Je ne suis pas un héritier et j’ai gagné de l’argent en tant qu’entrepreneur. La philanthropie a été pour moi un choix, qui s’imposait quand on a réussi dans les affaires, mais pas une tradition familiale. Il y a plus de dix ans maintenant, j’ai créé avec ma femme Sabine et mes enfants la Fondation Araok (« en avant » en breton) dont le nom exprime le projet : encourager chacun à aller de l’avant, soutenir des projets tournés vers l’avenir et accompagner les plus fragiles.

Nous soutenons des ONG sur différentes causes. Dans des actions de philanthropie, il serait ridicule de parler de retour sur investissement mais notre exigence est d’obtenir des résultats. Du plaisir aussi : quand nous intervenons dans un village du Niger, que nous le voyons se transformer, passer du dénuement total au fonctionnement d’une école pour 1 000 élèves, ça fait plaisir et ça rend fier.

Pierre Sellal : « la transmission est une passion joyeuse »

 Pierre Sellal est président de la Fondation de France

Diplômé de la faculté de droit de Strasbourg et de l’École nationale d’administration, Pierre Sellal a mené une grande partie de sa carrière au sein de hautes institutions ministérielles françaises. Il a été élevé à la dignité d’ambassadeur de France suite à sa participation active à la présidence française de l’Union en 2008. Il est le président du conseil d'administration de la Fondation de France.

J’entends dire, ici ou là, que la France serait le pays des passions tristes, où le doute, l’anxiété, le déclinisme domineraient tout. Je crois que la générosité, la philanthropie sont de puissants antidotes à ces passions tristes. Elles sont le fait d’un pays qui a confiance en lui, un pays où l’initiative individuelle est valorisée mais où la participation à une action collective est reconnue. L’élan de générosité qui s’est récemment manifesté suite au cyclone Irma est une preuve supplémentaire que la philanthropie demeure une valeur forte qui traverse toutes les générations. La transmission est une passion joyeuse.

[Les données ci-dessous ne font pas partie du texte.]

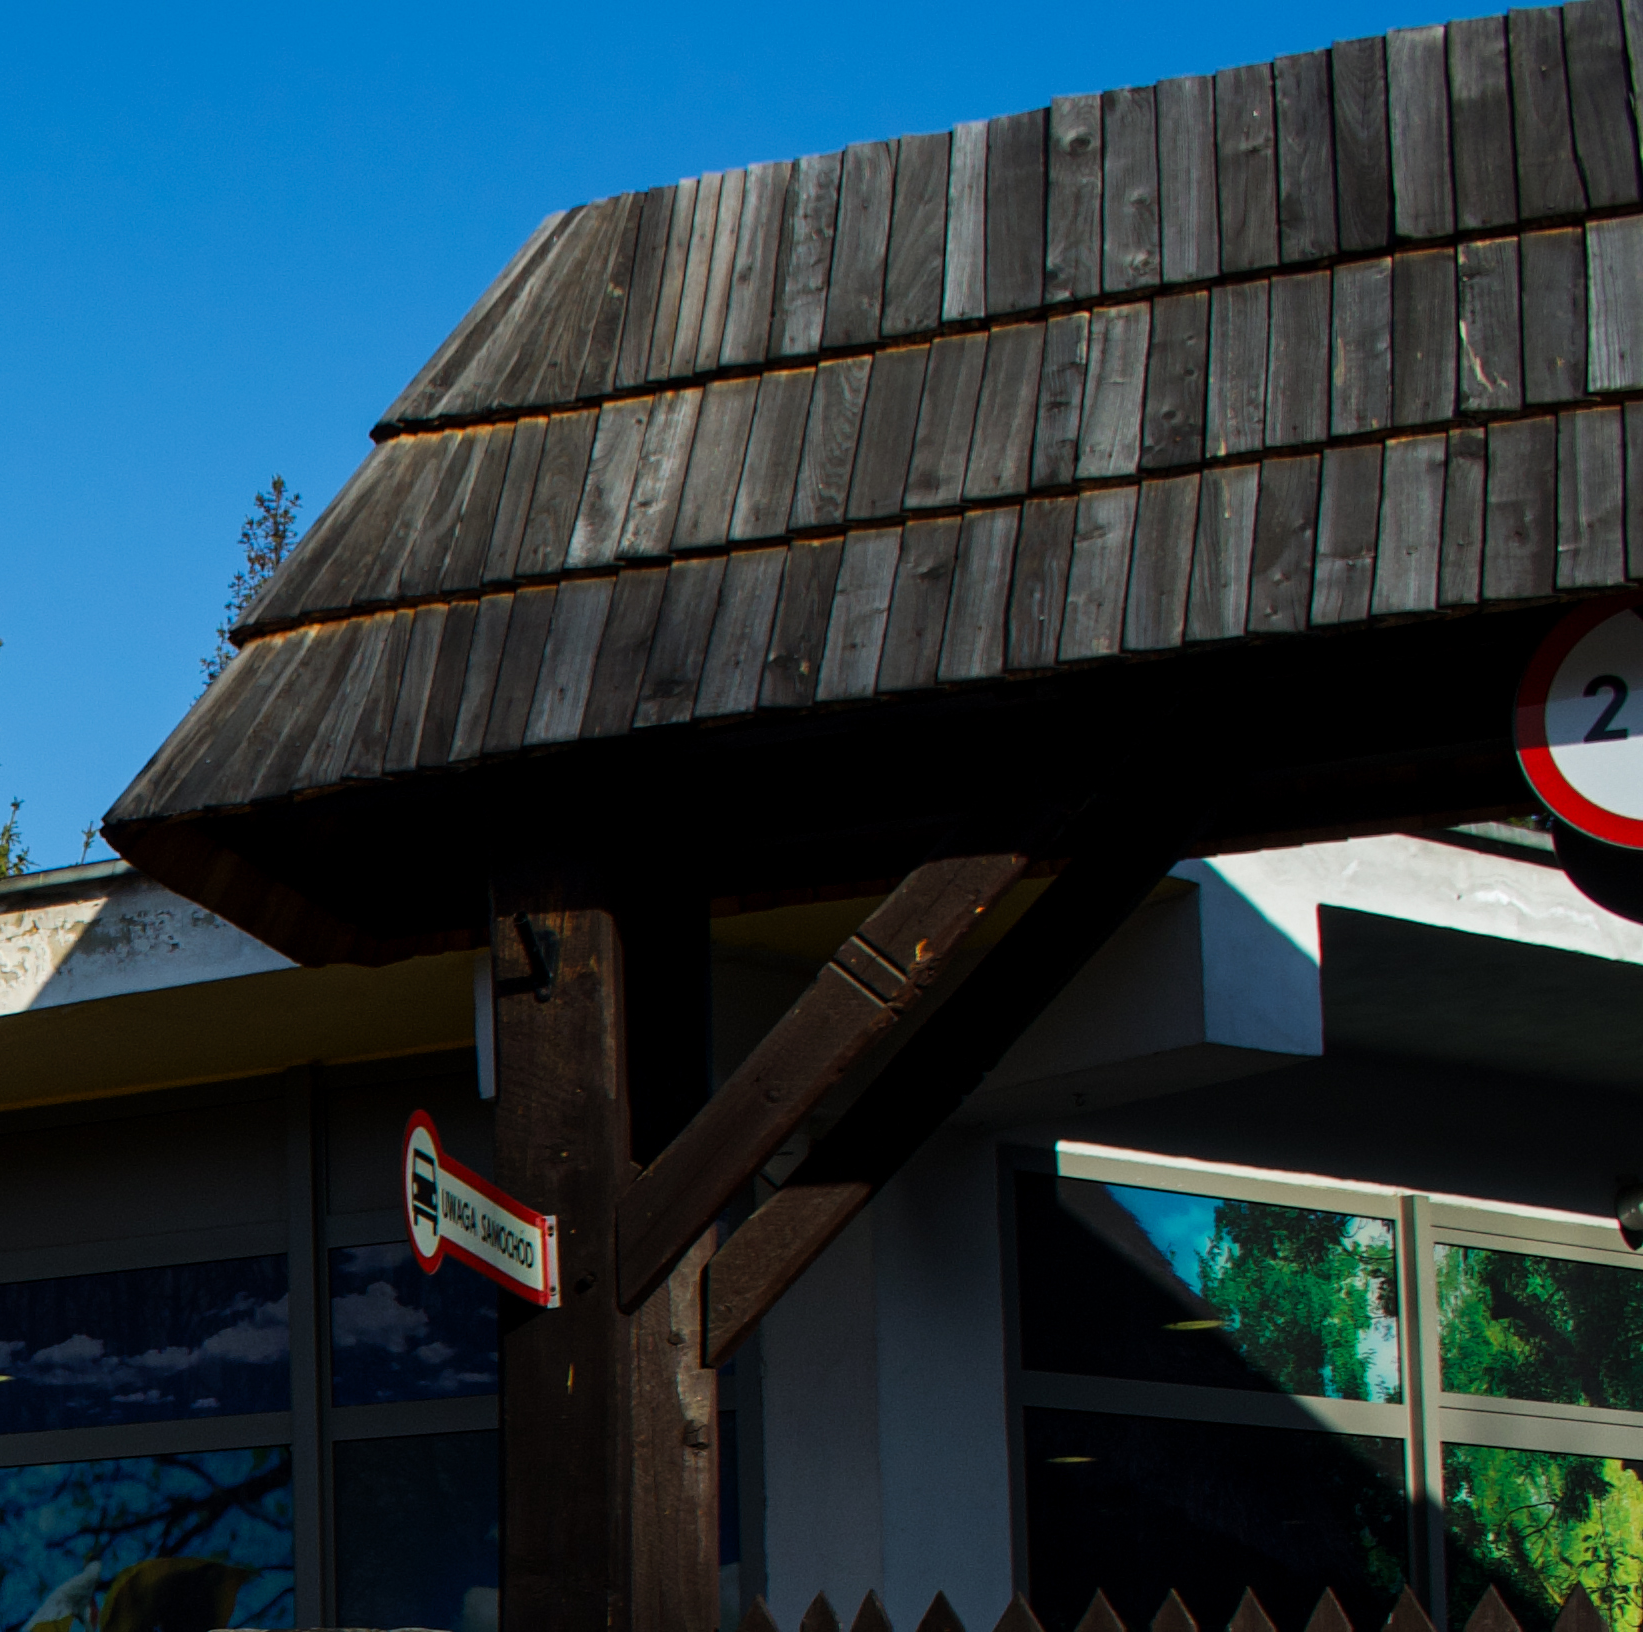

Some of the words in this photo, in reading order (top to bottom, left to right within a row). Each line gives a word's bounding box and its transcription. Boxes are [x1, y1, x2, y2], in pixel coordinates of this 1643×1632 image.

Patricia Jung-Singh : « susciter l’envie de s’engager pour le changement »

Patricia Jung-Singh est fondatrice de la Fondation Terra Symbiosis

Après avoir conduit des projets de santé publique dans des ONG à l’étranger, Patricia Jung-Singh se concentre sur la gestion d’une ferme en agriculture biologique en Alsace. Elle crée la Fondation Terra Symbiosis en 2009 sous l'égide de la Fondation de France grâce à un capital familial, avec la volonté de replacer la nature au cœur du développement humain.

Plus que jamais, la nature est au centre du développement humain. Aujourd’hui, des solutions existent, mais il faut susciter l’envie de s’engager pour l’environnement. Ce qui nourrit ma passion, c’est de voir des projets qui fonctionnent, des enfants qui s’ouvrent, qui développent un lien sensible avec le vivant.